Material shown:
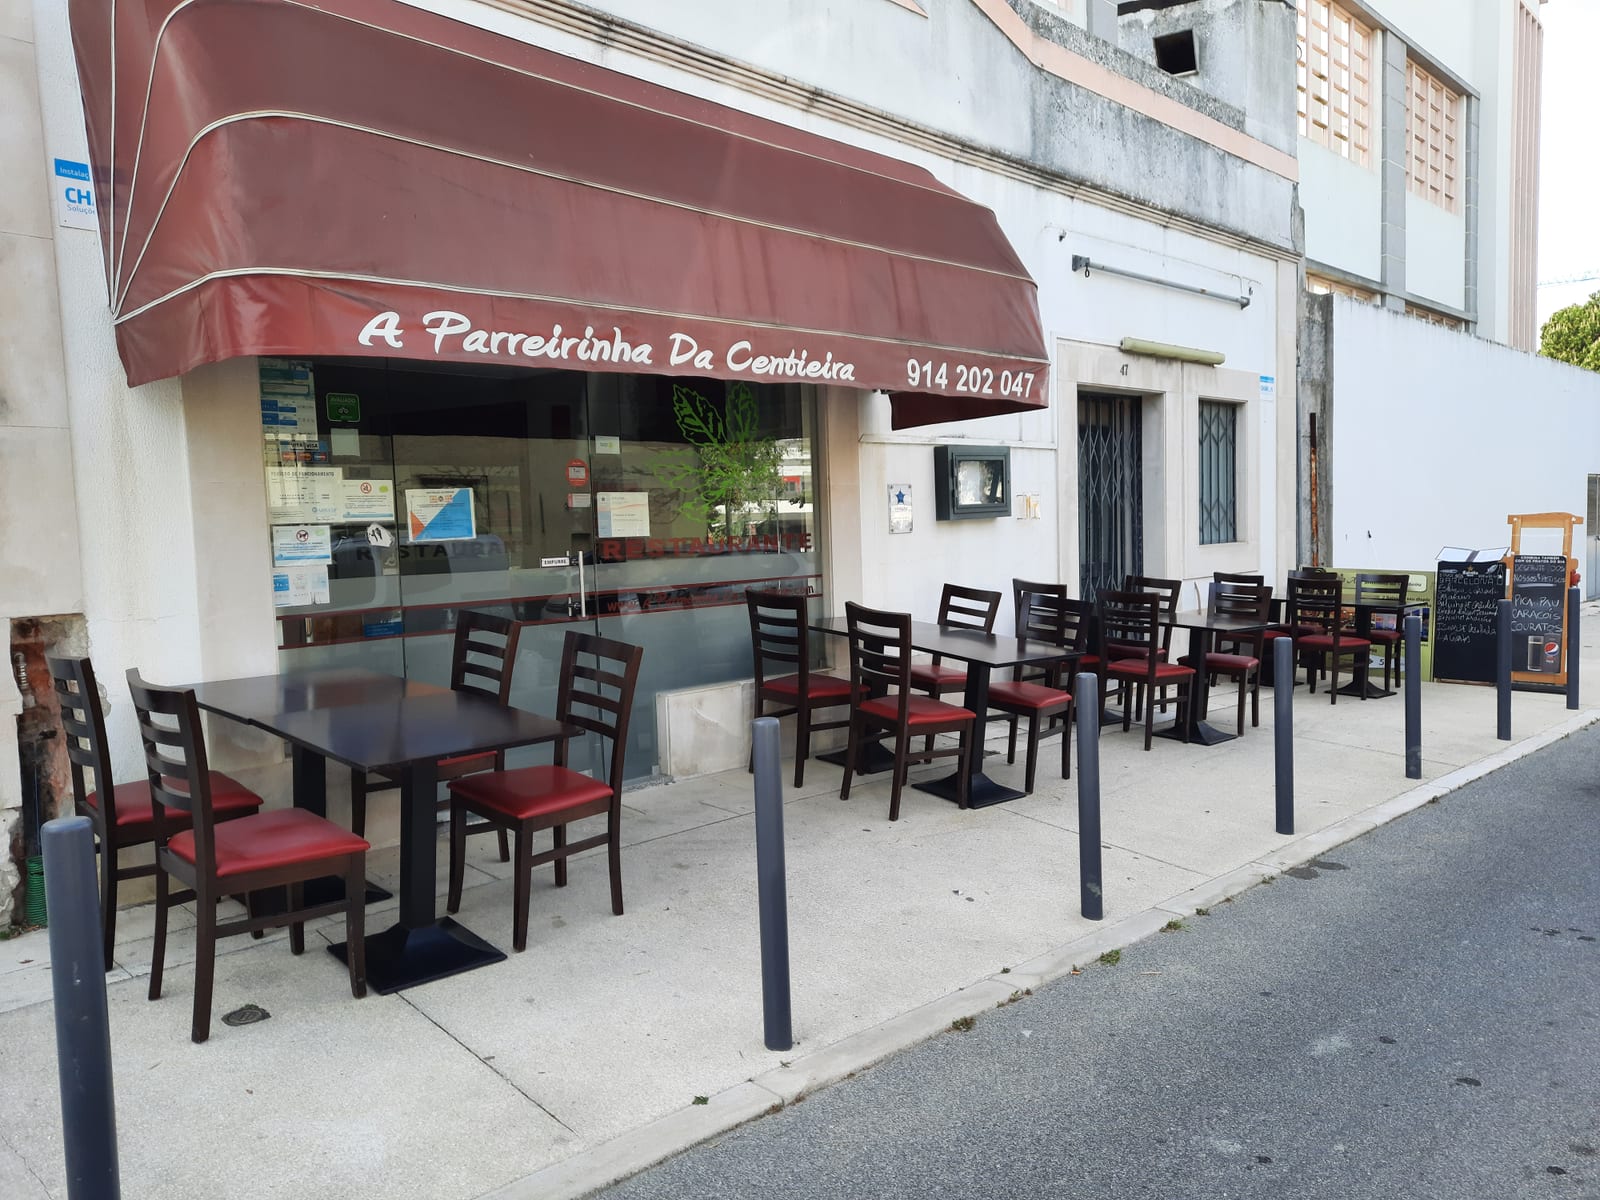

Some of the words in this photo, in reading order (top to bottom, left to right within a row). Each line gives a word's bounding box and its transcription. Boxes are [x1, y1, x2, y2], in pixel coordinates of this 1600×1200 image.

[65, 187, 95, 206] CH
[358, 311, 403, 348] A
[422, 310, 653, 364] Parreirinha
[669, 332, 713, 370] Da
[726, 339, 855, 381] Centieira
[907, 358, 948, 389] 914
[956, 364, 994, 394] 202
[1000, 370, 1035, 398] 047
[1119, 363, 1129, 377] 47
[602, 533, 812, 561] RESTAURANTE

Exercise: Without the pictures, output the full listing exactly as it stands.

Your solution:
Some of the words in this photo, in reading order (top to bottom, left to right within a row). Each line gives a word's bounding box and its transcription. Boxes are [x1, y1, x2, y2], in pixel coordinates of this 1600×1200 image.

[65, 187, 95, 206] CH
[358, 311, 403, 348] A
[422, 310, 653, 364] Parreirinha
[669, 332, 713, 370] Da
[726, 339, 855, 381] Centieira
[907, 358, 948, 389] 914
[956, 364, 994, 394] 202
[1000, 370, 1035, 398] 047
[1119, 363, 1129, 377] 47
[602, 533, 812, 561] RESTAURANTE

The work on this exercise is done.